Sprühen Sie eine 1000-fache Verdünnung von 40% Levo-Pestizid-Emulsion oder eine 3000-fache Verdünnung von 2,5% Bromocypermethrin-Emulsion im Mai und Juli, wenn die erwachsenen Tiere schlüpfen, sowie Ende Mai und Mitte/Ende September, wenn die Larven erscheinen.
Um die Ausbreitung von Schädlingen zu verhindern, sind mindestens drei bis vier Anwendungen von Schädlingsbekämpfungsmitteln während des erwachsenen Flügelstadiums und des Anfangsstadiums der Larven erforderlich.
Schildläuse, die an den Rändern oder auf der Oberfläche von Glyzinienblättern parasitieren und durch das Saugen von Pflanzensaft das Welken und sogar das Absterben der Pflanze verursachen, können mit einer 1000-fachen Verdünnung von 40% Levo-Pestizidemulsion, einer 2000-fachen Verdünnung von 50% Malathion-Emulsion oder einer 1000-fachen Verdünnung von 25% Imidacloprid benetzbarem Pulver abgetötet werden.
Weiße Fliegen, die an den Zweigen oder Blättern parasitieren, können mit einer 3000-fachen Verdünnung von 2,5% Speed Kill Emulsion oder einer 3000-fachen Verdünnung von 2% Aphid Kill benetzbarem Pulver abgetötet werden.
Wenn die Weichfäule bei Glyzinien auftritt, kann sie die gesamte Pflanze abtöten. Stark befallene Pflanzen sollten entsorgt und eingegraben werden, um zu verhindern, dass sie zu einer Infektionsquelle werden.

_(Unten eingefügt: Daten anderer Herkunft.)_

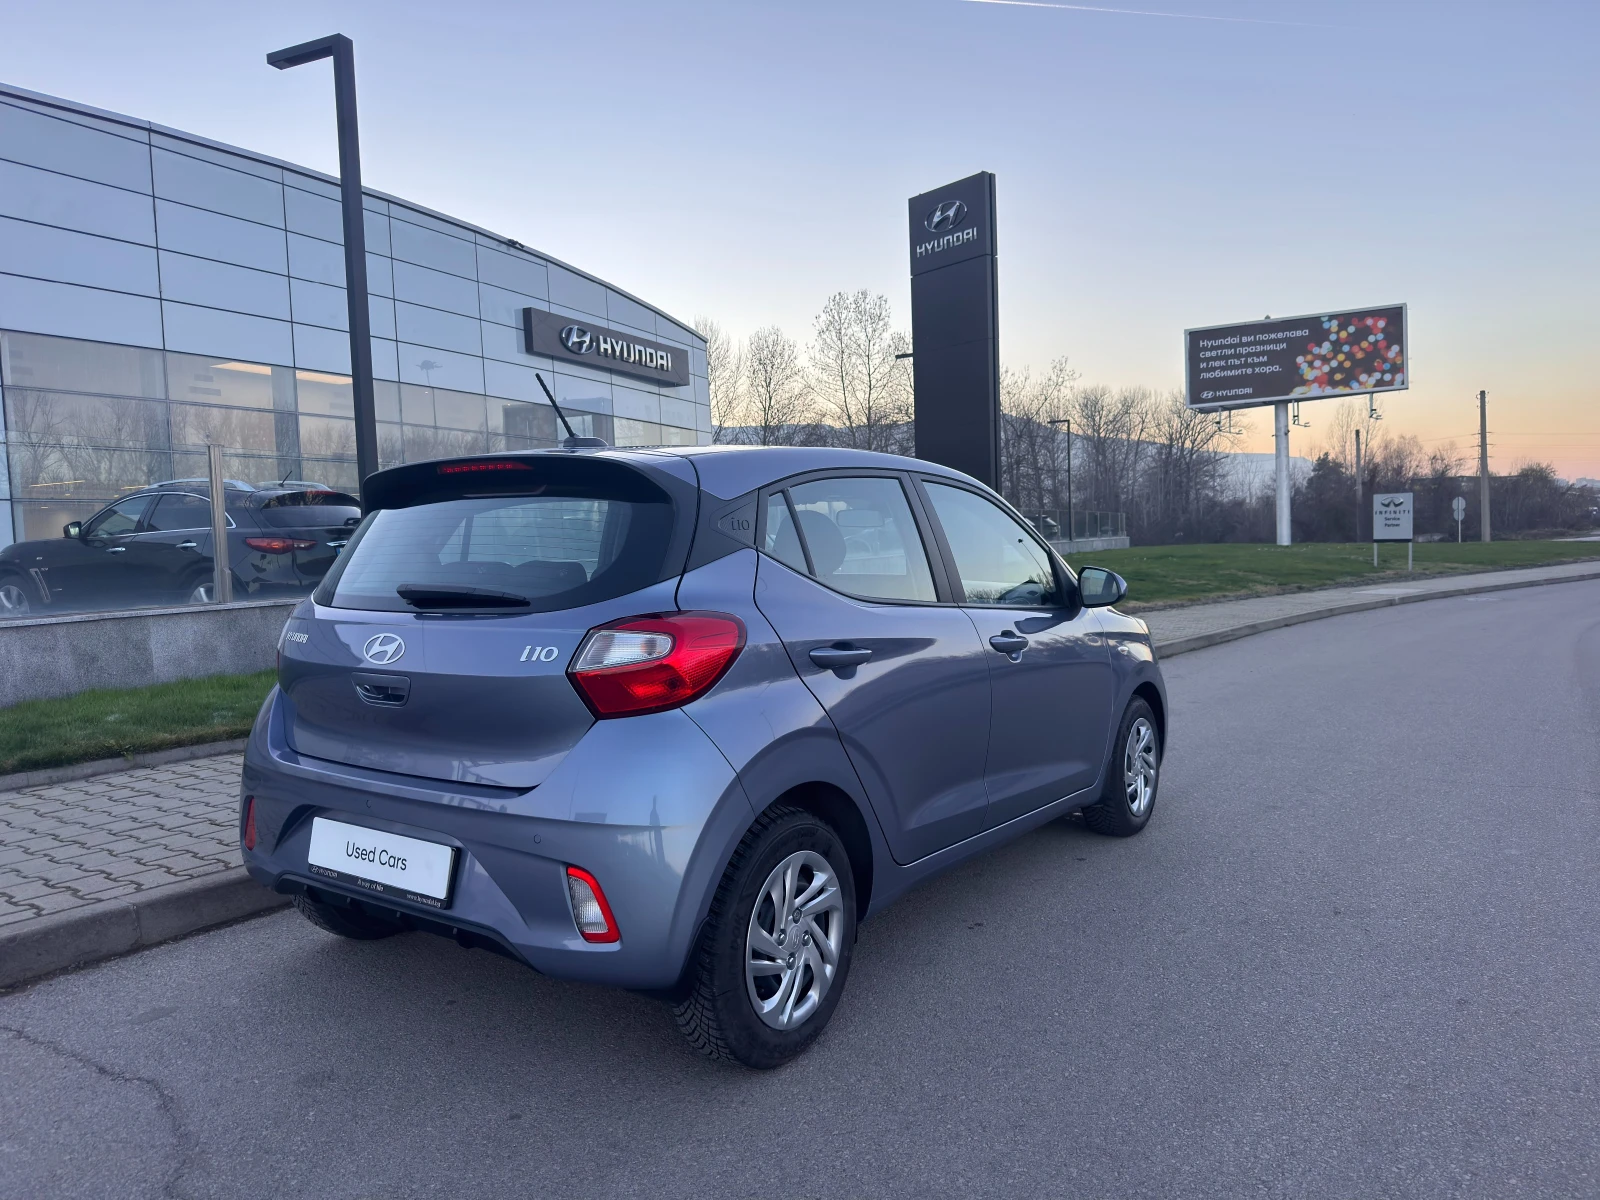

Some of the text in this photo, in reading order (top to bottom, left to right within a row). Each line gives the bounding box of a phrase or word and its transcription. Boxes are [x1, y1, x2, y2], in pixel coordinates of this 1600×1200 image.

Die Bekämpfung kann mit einer 1000-fachen Verdünnung des löslichen Benetzungsmittels 50% Carbendazim oder einer 800-fachen Verdünnung des löslichen Benetzungsmittels 50% Methyl Tobuzin erreicht werden. Die Graufleckenkrankheit befällt hauptsächlich die Blätter von Glyzinien.
Die ersten Symptome sind hellbraune Flecken, die sich allmählich zu braunen kreisförmigen oder fast kreisförmigen Läsionen ausweiten, die sich später graubraun verfärben. Der Pilz überwintert als Myzel oder Konidien auf infizierten Pflanzen oder im Bodenschutt, wobei die Konidien durch Wind und Regen verbreitet werden.
Zu Beginn der Infektion eine 800-fache Verdünnung von 50% Metham-Natrium-Suspension oder eine 500-fache Verdünnung von 40% Carbendazim-Schwefelsuspension alle 10 Tage für 2-3 Behandlungen versprühen.
Die Venenblütenblattkrankheit bei Glyzinien wird durch das Potato Virus Y group Vein Mottle Virus (WVMV) verursacht. Die erste Infektionsquelle sind kranke Glyzinien, und Blattläuse fungieren als nicht-persistente Vektoren.
Bekämpfung von Blattläusen mit einer 1500-fachen Verdünnung von 50% Aphid Pine Emulsion oder einer 1000-fachen Verdünnung von 80% Dimethoat Emulsion.
Glyzinien eignen sich hervorragend für die Dekoration von Blumenalleen, Pergolen, Zäunen und Steingärten. Sie kann auch in Töpfen zu Zierzwecken angebaut werden.